§ **What this task involves**
In the data that follows, each entry is to be restated exactly.

§ **Collected data**
:::::

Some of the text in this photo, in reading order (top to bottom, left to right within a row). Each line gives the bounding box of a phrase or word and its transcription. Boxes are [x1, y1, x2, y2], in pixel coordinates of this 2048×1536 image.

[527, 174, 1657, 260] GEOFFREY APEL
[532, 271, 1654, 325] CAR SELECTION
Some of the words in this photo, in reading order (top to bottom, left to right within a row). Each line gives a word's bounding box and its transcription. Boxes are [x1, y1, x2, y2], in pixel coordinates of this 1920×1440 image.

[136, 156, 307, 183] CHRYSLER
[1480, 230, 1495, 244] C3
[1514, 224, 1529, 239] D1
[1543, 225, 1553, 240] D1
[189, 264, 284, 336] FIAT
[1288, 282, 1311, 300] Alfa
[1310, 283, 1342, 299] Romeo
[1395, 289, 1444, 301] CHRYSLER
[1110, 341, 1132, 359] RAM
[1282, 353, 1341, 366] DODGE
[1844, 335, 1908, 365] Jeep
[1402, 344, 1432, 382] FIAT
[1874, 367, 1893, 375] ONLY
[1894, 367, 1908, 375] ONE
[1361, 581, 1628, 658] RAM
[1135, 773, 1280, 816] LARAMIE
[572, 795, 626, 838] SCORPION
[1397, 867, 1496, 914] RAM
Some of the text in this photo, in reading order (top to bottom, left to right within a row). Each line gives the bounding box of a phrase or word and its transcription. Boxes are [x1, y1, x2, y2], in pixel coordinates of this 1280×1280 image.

:::::

§ **Written solution**
Some of the text in this photo, in reading order (top to bottom, left to right within a row). Each line gives the bounding box of a phrase or word and its transcription. Boxes are [x1, y1, x2, y2], in pixel coordinates of this 2048×1536 image.

[527, 174, 1657, 260] GEOFFREY APEL
[532, 271, 1654, 325] CAR SELECTION
Some of the words in this photo, in reading order (top to bottom, left to right within a row). Each line gives a word's bounding box and its transcription. Boxes are [x1, y1, x2, y2], in pixel coordinates of this 1920×1440 image.

[136, 156, 307, 183] CHRYSLER
[1480, 230, 1495, 244] C3
[1514, 224, 1529, 239] D1
[1543, 225, 1553, 240] D1
[189, 264, 284, 336] FIAT
[1288, 282, 1311, 300] Alfa
[1310, 283, 1342, 299] Romeo
[1395, 289, 1444, 301] CHRYSLER
[1110, 341, 1132, 359] RAM
[1282, 353, 1341, 366] DODGE
[1844, 335, 1908, 365] Jeep
[1402, 344, 1432, 382] FIAT
[1874, 367, 1893, 375] ONLY
[1894, 367, 1908, 375] ONE
[1361, 581, 1628, 658] RAM
[1135, 773, 1280, 816] LARAMIE
[572, 795, 626, 838] SCORPION
[1397, 867, 1496, 914] RAM
Some of the text in this photo, in reading order (top to bottom, left to right within a row). Each line gives the bounding box of a phrase or word and its transcription. Boxes are [x1, y1, x2, y2], in pixel coordinates of this 1280×1280 image.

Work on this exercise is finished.